If there’s one thing one can say for sure about Ann Leckie, it’s that so far in her career she shows no signs of settling into a rut. All her novels have been ambitious in their own separate ways, and they’ve played with gender, language and identity to fruitful, thought-provoking ends. (Let’s be honest, I’m a fan.) That ambition continues to show in The Raven Tower, her first novel-length published fantasy—and shows itself in some interesting, unconventional narrative choices.

The Raven Tower is told from the point of view of a god. A god who’s a rock, we eventually learn, just as we eventually learn that the people who prayed to this god referred to it as “Strength and Patience.” But—not exactly from its point of view. Or not entirely. The novel divides itself into two chronological strands. We’ll call one the present, and one the past. In the past—a long past, a past that begins in the deep time of geology—Strength and Patience tells its own story, in its own voice. Strength and Patience is a patient, meditative sort of being. It has time.
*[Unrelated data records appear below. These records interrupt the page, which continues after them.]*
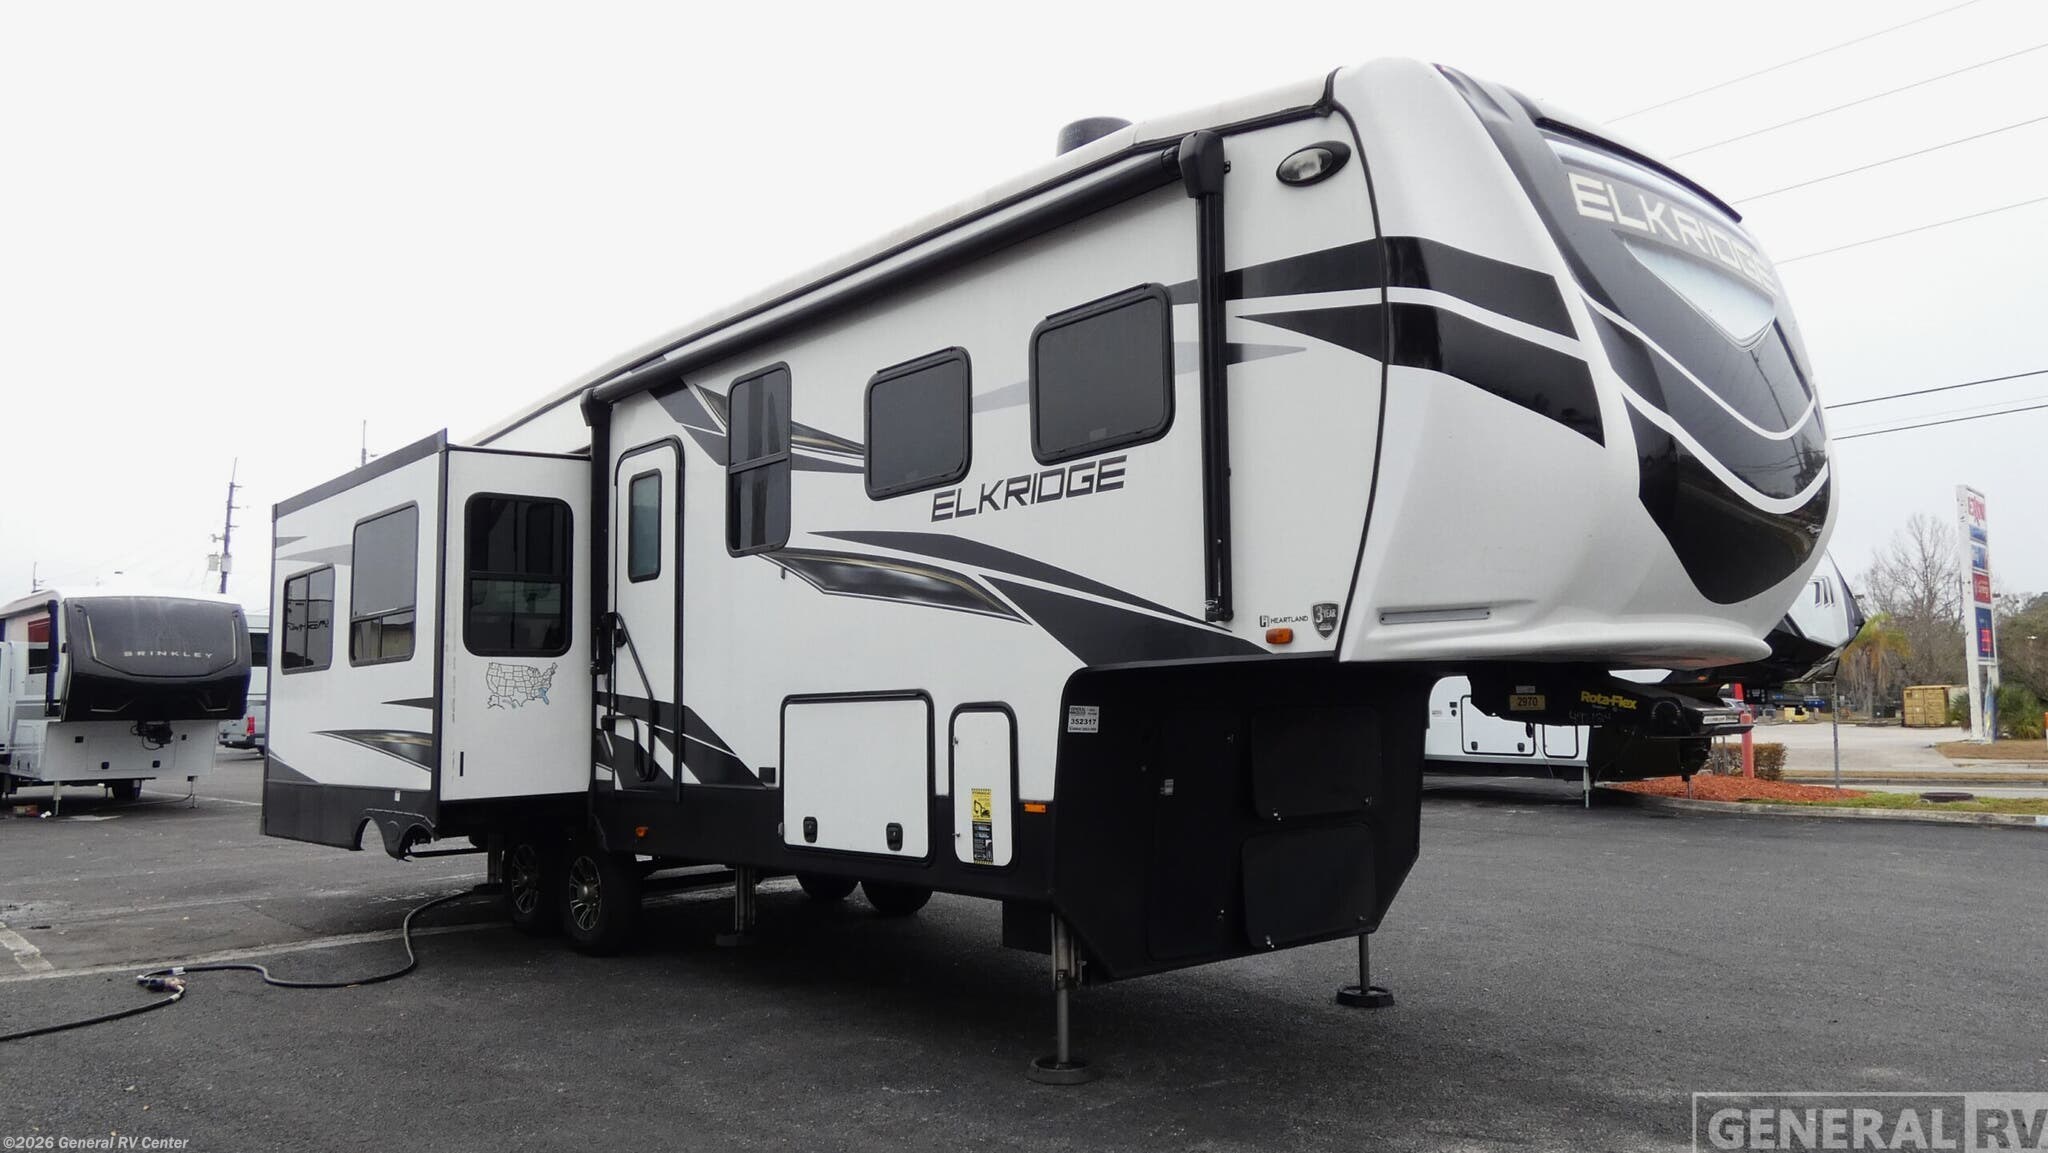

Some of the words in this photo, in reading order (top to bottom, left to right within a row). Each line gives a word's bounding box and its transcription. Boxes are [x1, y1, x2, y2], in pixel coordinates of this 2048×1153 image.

[1568, 172, 1778, 295] ELKRIDGE
[931, 455, 1127, 522] ELKRIDGE
[1323, 608, 1337, 618] YEAR
[1270, 615, 1308, 624] HEARTLAND
[123, 650, 213, 659] BRINKLEY
[1517, 697, 1538, 707] 2970
(There are a lot of gods in this world. Some are small. Some are large. Their origins and nature seem to be diverse, but they draw power from human offerings—among, perhaps, other things—and can shape the world through their speech. But if they speak something untrue, or impossible, or something that takes more power than they possess to make true, then speaking thus may result in their death.)
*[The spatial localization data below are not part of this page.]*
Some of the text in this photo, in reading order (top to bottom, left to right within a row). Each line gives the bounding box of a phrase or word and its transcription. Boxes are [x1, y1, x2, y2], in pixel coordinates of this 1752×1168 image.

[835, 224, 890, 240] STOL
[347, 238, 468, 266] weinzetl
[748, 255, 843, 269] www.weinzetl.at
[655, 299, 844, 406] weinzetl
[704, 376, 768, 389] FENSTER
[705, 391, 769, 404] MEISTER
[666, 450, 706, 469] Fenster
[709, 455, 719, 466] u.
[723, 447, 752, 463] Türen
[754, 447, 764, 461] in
In the present, though, Strength and Patience speaks to the novel’s main character, and describes his actions as he carries them out, guessing at his thoughts and emotions. So we see Eolo, aide to Mawat—heir to the ruler of Iraden—from the outside, and this part of the novel comes to us with all the immediacy and force of the second-person voice: You. In the hands of a less talented and less thoughtful writer, this might well seem jarring. But in Leckie’s? In Leckie’s hands it feels seamless, and draws attention to the narrator’s subjectivity and potential unreliability: As the you of the narrative cannot reveal Eolo’s interiority, except through his actions, we become aware in parallel that there are things the I of the narrative is definitely not saying.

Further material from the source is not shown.